Die Berliner Grünen wählten die Ex-Verbraucherschutzministerin Renate Künast und den Ex-Justizsenator Wolfgang Wieland auf die ersten Plätze der Landesliste.

Von Sabine Beikler

Ohne Verzögerungen können die Berliner Grünen ihre Parteitage nicht beginnen. Die Beschlussfähigkeit war am Sonntag erst um kurz nach 14 Uhr, eineinhalb Stunden später als geplant, hergestellt: 622 der 4062 Berliner Mitglieder waren im ehemaligen Kosmos-Kino in der Karl-Marx-Allee registriert und die Mitgliederversammlung konnte beginnen. Eine Woche vor dem Bundesparteitag in Erfurt nominierten die Grünen ihre Kandidaten für die Landesliste zur Bundestagswahl 2009.

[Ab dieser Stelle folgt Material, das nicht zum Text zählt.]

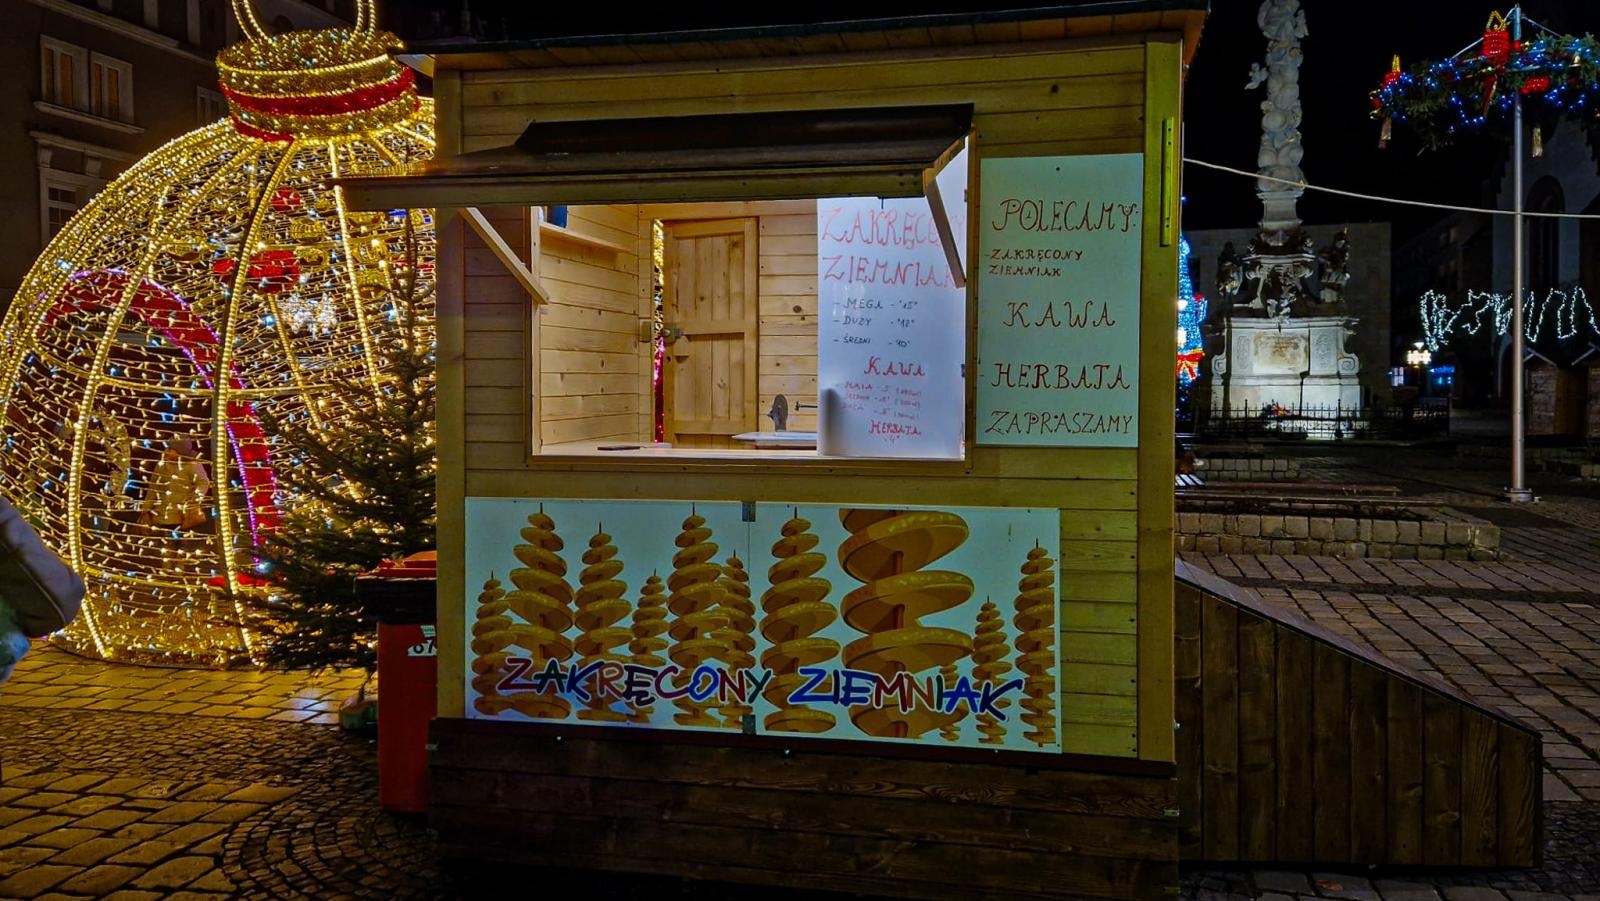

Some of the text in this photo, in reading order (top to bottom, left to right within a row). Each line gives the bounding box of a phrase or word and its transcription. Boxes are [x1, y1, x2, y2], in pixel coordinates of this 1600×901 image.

Unangefochten wurde Renate Künast auf Platz eins der Landesliste gewählt – allerdings mit einem deutlich schlechteren Ergebnis als bei der Listenaufstellung vor drei Jahren zur Bundestagswahl. Sie errang 77,5 Prozent der abgegebenen 551 Stimmen, knapp elf Prozentpunkte weniger als 2005. In einer Kampfkandidatur um Platz zwei siegte der Bundestagsabgeordnete und Ex-Justizsenator Wolfgang Wieland wie erwartet schon im ersten Wahlgang gegen den Bildungspolitiker Özcan Mutlu. Wieland erhielt 58,6 Prozent der abgegebenen Stimmen, Mutlu 36 Prozent.

Auf Platz drei konnte sich dann die Berliner Wirtschaftsexpertin Lisa Paus gegen die Kulturpolitikerin Alice Ströver im ersten Wahlgang mit 53,5 Prozent der abgegebenen Stimmen durchsetzen. Nur die ersten beiden Listenplätze sichern einen Einzug in den Bundestag. Ob Platz drei ein Bundestagsmandat erhält, hängt vom Wahlergebnis ab. Bei der letzten Bundestagswahl erhielten die Berliner Grünen 13,7 Prozent – das reichte nur für die zwei Mandate über die Liste, Christian Ströbele erlangte über sein Erststimmen-Ergebnis ein Direktmandat für den Bundestag.

Künast sprach sehr offensiv in ihrer Vorstellungsrede: Sie will am 27. September nächsten Jahres das bundesweit beste Zweitstimmenergebnis in Berlin erzielen und die 13,7 Prozent toppen. „Da müssen alle mitziehen“, mahnte sie zur Geschlossenheit. Als Regierungsoption auf Bundesebene sieht Künast „rein rechnerisch“ zurzeit nur eine Ampelkoalition. Sie plädierte für größere Investitionen in die Bildung, mehr soziale Gerechtigkeit, einen schnellen Ausstieg aus der Atomenergie und eine grüne Politik verstärkt mit erneuerbaren Energien. Warum ihr Wahlergebnis schlechter als vor drei Jahren ausfiel, schob Künast auf eine „Mischung“ aus mehreren Faktoren. Vor drei Jahren trat sie mit einem „Amtsbonus“ als Verbraucherschutzministerin an. Die Partei hatte auch schwierige Diskussionen über den militärischen Einsatz in Afghanistan. Künast hat sich auch gestern nicht explizit für einen sofortigen Abzug ausgesprochen, sondern für einen geordneten Abzug. Am kommenden Wochenende will sich Künast mit Jürgen Trittin als das grüne Spitzenduo für die Bundestagswahl auf dem Erfurter Parteitag wählen lassen.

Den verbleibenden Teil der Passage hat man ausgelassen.